Glaciers and climate change

January 26, 2018

Skidmore will screen the documentary The Life & Death of Glaciers on Monday, Jan. 29, followed by a panel discussion. The event, titled "Global Climate, Global Health, and Global Culture in the Anthropocene," will begin at 7 p.m. in Gannett Auditorium, Palamountain Hall.

Chip Duncan
Chip Duncan

The Life & Death of Glaciers, produced by Chip Duncan and originally released by Discovery Education, is the culmination of 25 years of glacial documentation in Alaska's Juneau Icefield and St. Elias Mountains.
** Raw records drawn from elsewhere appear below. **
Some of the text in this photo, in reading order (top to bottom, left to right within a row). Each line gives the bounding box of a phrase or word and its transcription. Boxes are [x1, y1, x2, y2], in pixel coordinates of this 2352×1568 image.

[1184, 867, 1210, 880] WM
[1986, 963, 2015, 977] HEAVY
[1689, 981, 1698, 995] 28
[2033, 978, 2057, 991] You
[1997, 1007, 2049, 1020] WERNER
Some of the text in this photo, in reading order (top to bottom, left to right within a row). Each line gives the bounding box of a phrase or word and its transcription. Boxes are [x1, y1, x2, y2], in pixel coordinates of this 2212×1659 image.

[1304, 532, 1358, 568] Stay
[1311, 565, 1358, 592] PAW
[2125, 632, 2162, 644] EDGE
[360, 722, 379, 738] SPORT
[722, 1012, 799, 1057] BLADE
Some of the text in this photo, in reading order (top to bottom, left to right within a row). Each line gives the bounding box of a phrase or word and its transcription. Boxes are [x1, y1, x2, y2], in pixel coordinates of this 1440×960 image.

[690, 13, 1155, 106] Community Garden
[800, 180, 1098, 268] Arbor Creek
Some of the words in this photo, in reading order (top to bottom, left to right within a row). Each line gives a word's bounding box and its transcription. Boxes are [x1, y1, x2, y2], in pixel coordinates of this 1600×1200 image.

The panel will consist of Duncan, climatologist Ben Santer of the Lawrence Livermore Labs, global health expert Hernando Garzon of Kaiser Permanente and postcolonial scholar Bina Gogineni of Skidmore's English Department.

Duncan has spent more than three decades as a documentarian, writer and still photographer. His company has created more than 40 long-form documentaries and broadcast series for broadcast, cable and media platforms including PBS, HBO, TLC, Discovery, Showtime, Lifetime and the Sundance Channel.

Santer was a lead scientist for the 1995 Intergovernmental Panel on Climate Change (IPCC) report that coined the term "global warming." Garzon has been involved in crisis relief for numerous natural disasters, some of which have a direct link to climate change and the global health risks associated with it. Gogineni has studied human impact on Earth's health from historical, political, and cultural perspectives.

The event will be free and open to the public, with seating on a first-come, first-served basis. The screening is sponsored by the Skidmore Geosciences Department, Environmental Studies and Sciences Department, Health and Human Physiological Sciences Department, Dean of Faculty Office and the John B. Moore Documentary Studies Collaborative (MDOCS).